“If we hadn’t started the hospitalist field 24 years ago, we would have had to invent it now,” says Robert M Wachter, MD, a professor and chair of the Department of Medicine at the University of California, San Francisco, and the person who coined the term “hospitalist” in 1996. Hospitalists have become leaders, not just within their departments, but within their institutions, based on expertise in caring for critically ill patients. This leadership role has been solidified—and complicated—by COVID-19.
Now, patients who delayed seeing providers will arrive at their physician’s office or the emergency department with more advanced disease than if they had accessed healthcare six months ago—thus frequently landing in the care of a hospitalist Therefore, the time is right to identify what has led to claims against hospitalists in the past, to elevate awareness of problematic system factors and cognitive biases that can contribute to adverse events and subsequent lawsuits.
A just-released study of claims against hospitalists calls out diagnostic error as a particular risk for hospitalists and their patients: 40 percent of claims in the study were diagnosis related, making these claims more common than any other type. Compounding the usual diagnostic challenges at this moment is that in some locations, for months, COVID-19 has dominated the diagnostic landscape—potentially skewing the assumptions of the healthcare providers who send patients to a hospitalist’s care.
For example, when patients arrive for evaluation, healthcare providers may assume that those with respiratory symptoms have COVID-19—but what if it’s a pulmonary embolism, influenza, CHF, or a simple pneumonia? Healthcare providers may also assume that patients without respiratory symptoms do not have COVID-19—but what if they had it six months ago, and are now arriving at the hospital with a cardiac issue that is a sequela of COVID-19, a feared possibility as we learn more about ongoing organ system damage from COVID.
The study addresses these circumstances and suggests a core risk mitigation recommendation to not rush the process of arriving at a differential diagnosis—a strategy that is always relevant, and essential during the COVID-19 pandemic. One key to a rigorous differential diagnosis process is maintaining an open mind as long as possible, not falling prey to the anchoring bias, “the tendency to stick with initial impressions even as new information becomes available.”

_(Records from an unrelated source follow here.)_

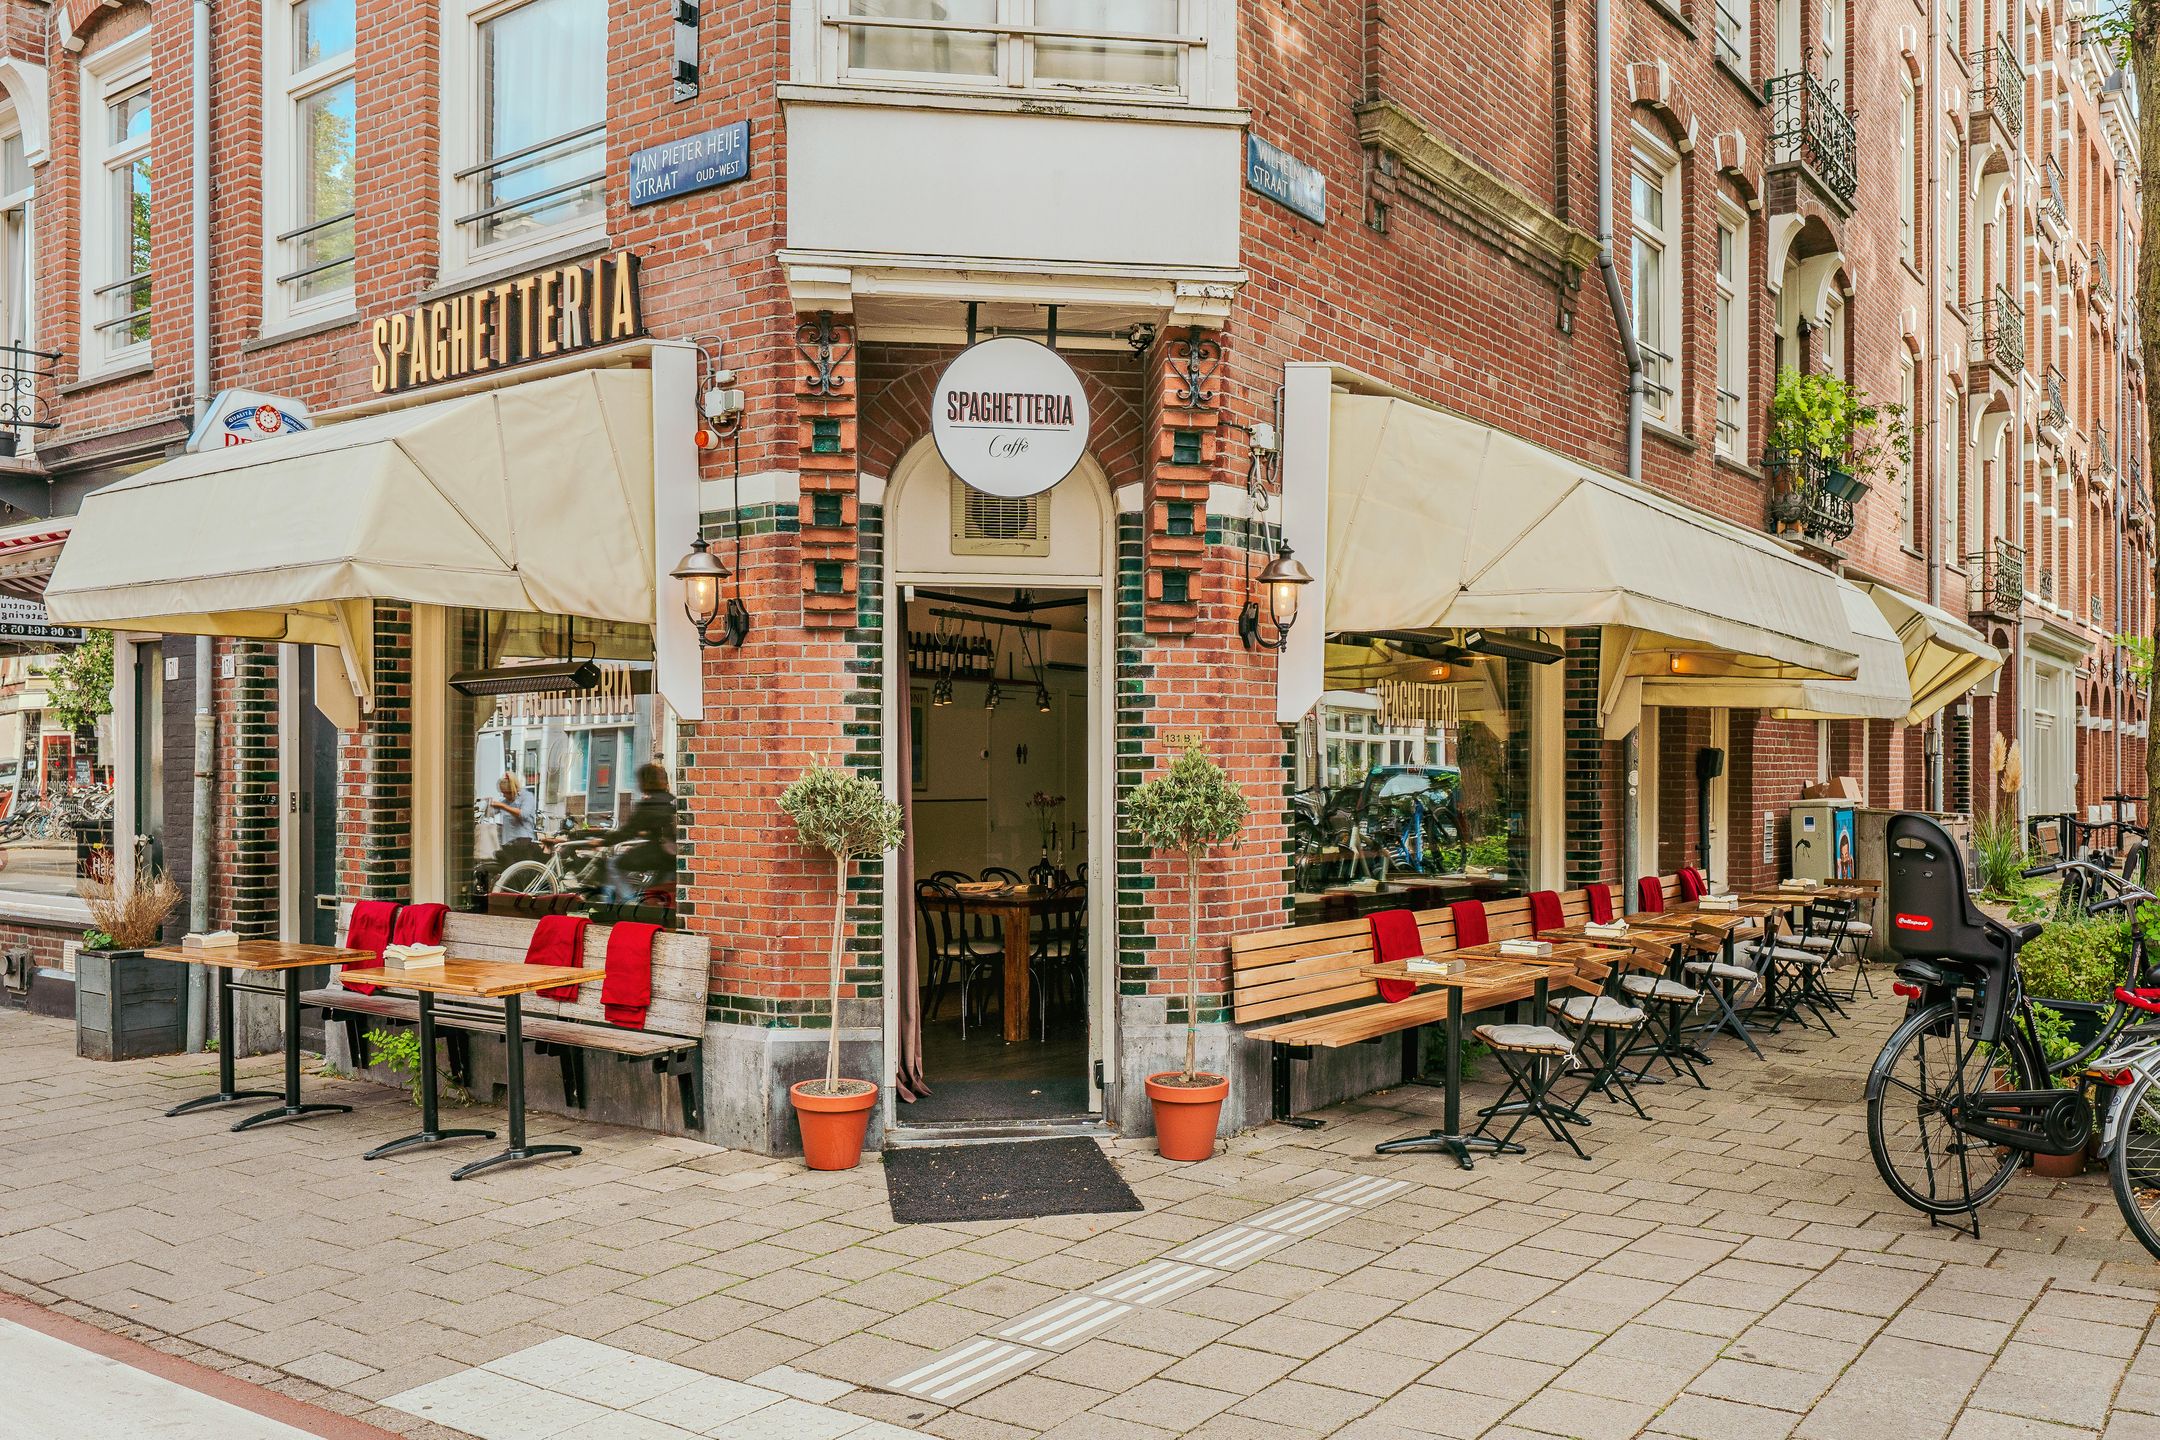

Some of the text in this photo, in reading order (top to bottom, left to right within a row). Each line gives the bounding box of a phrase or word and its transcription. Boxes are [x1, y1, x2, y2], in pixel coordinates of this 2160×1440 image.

[636, 129, 740, 180] JAN PIETER HEIJE
[1259, 144, 1320, 188] WILHELM
[635, 160, 740, 199] STRAAT OUD-WEST
[1253, 165, 1322, 216] STRAAT OUDWEST
[372, 251, 637, 393] SPAGHETTERIA
[228, 410, 253, 422] QUALITÀ
[947, 390, 1074, 426] SPAGHETTERIA
[988, 434, 1029, 459] Caffè
[1376, 678, 1459, 729] SPAGHETTERIA

The study also suggests that, when forming the differential diagnosis, hospitalists devote extra attention to any symptoms suggestive of certain diagnoses which, although rare in the general population, turn up with surprising frequency in claims against hospitalists; these should be kept top of mind. Co-founder of the Society for Hospital Medicine (SHM) John Nelson, MD, MHM, has identified spinal epidural abscess (SEA) as one such condition:
It’s valuable to have a large database of hospitalist claims to see the issues that are most likely to lead to patients deciding to sue a hospitalist. Of the diagnoses found most often in this study, spinal epidural abscess is notable for being a less common affliction, but disproportionately likely to lead to a suit. Doctors should maintain a high index of suspicion for this condition, which is relatively easy to diagnose. The challenging part in arriving at the diagnosis is to ensure it is considered as part of the differential diagnosis.

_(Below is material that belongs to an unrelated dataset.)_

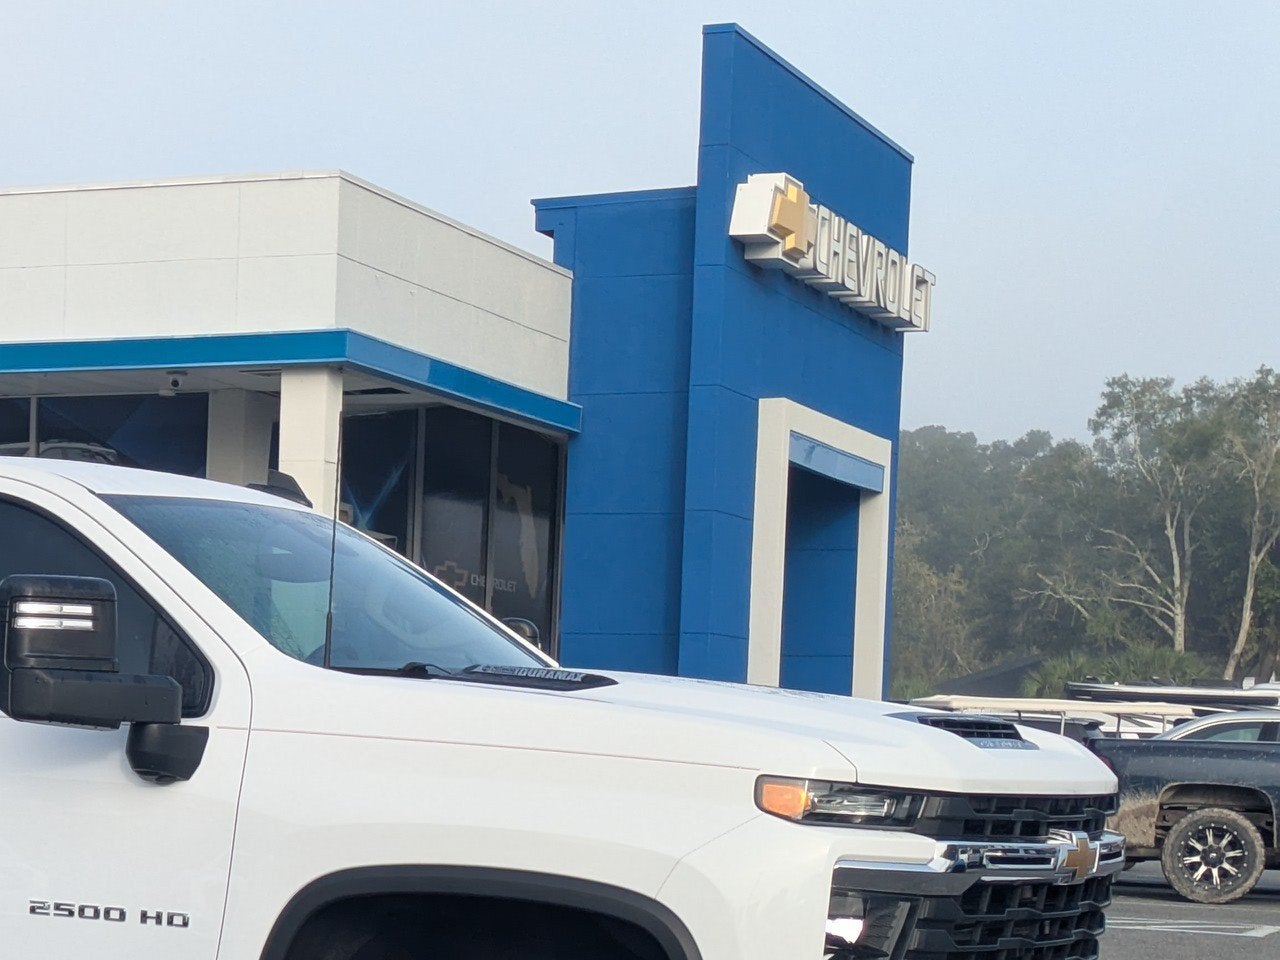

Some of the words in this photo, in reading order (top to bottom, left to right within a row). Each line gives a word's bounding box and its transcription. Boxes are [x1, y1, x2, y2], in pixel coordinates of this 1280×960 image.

[815, 204, 936, 332] CHEVROLET
[471, 574, 516, 592] CHEROLET
[29, 899, 126, 922] 2500
[140, 909, 190, 928] HD

Dr. Wachter says that he consistently advises hospitalists to keep “a low threshold of worry” about SEA, because once symptoms present, the patient’s condition can deteriorate quickly. The study’s case examples show step by step how SEA was mistaken for other maladies, but advice from Drs. Nelson and Wachter affirms one of the study’s key findings: The process of arriving at a differential diagnosis is not to be rushed, as success after this point often depends on success at this point.
Open-mindedness assists hospitalists now especially because COVID-19 itself, compounded by treatment delays for assorted non-COVID-19 conditions, may lead to a demographic shift in hospitalists’ patients: Patients could be, on average, younger than usual. This could change how patient complaints present, increasing diagnostic difficulties and risks to patients.
The risks stemming from adverse outcomes rise for hospitalists in that an overall younger patient base also means that adverse outcomes, if followed by lawsuits, could lead to more expensive indemnities: Malpractice settlements measure economic damages, and the earnings lost by a professional in their forties will, naturally, be higher than those of a retiree in their eighties.
“Hospitalists have become the leaders in patient safety and in system improvement,” says Dr. Wachter, in part because the specialty coalesced around the idea that hospitalists could both take care of patients and, as specialists in caring for the very sick, see how to make hospitals better. Dr. Wachter says that he is “very proud of the field, which clearly stepped up during the pandemic in the face of personal danger and rapidly swirling changes and crises.”
That said, most hospitalists do not have control over local system factors, much less over situational factors stemming from the pandemic itself—some of which are crushing. Cognitive factors in individual decision-making, and possibly in the decision making of colleagues and team members, is where the individual hospitalist has control or immediate influence. Maintaining what Dr. Nelson calls a “high index of suspicion” for certain problem diagnoses, and maintaining a high index of awareness during the process of arriving at a differential diagnosis, could pay off in positive results throughout the patient’s course of care—and protect hospitalists from malpractice lawsuits.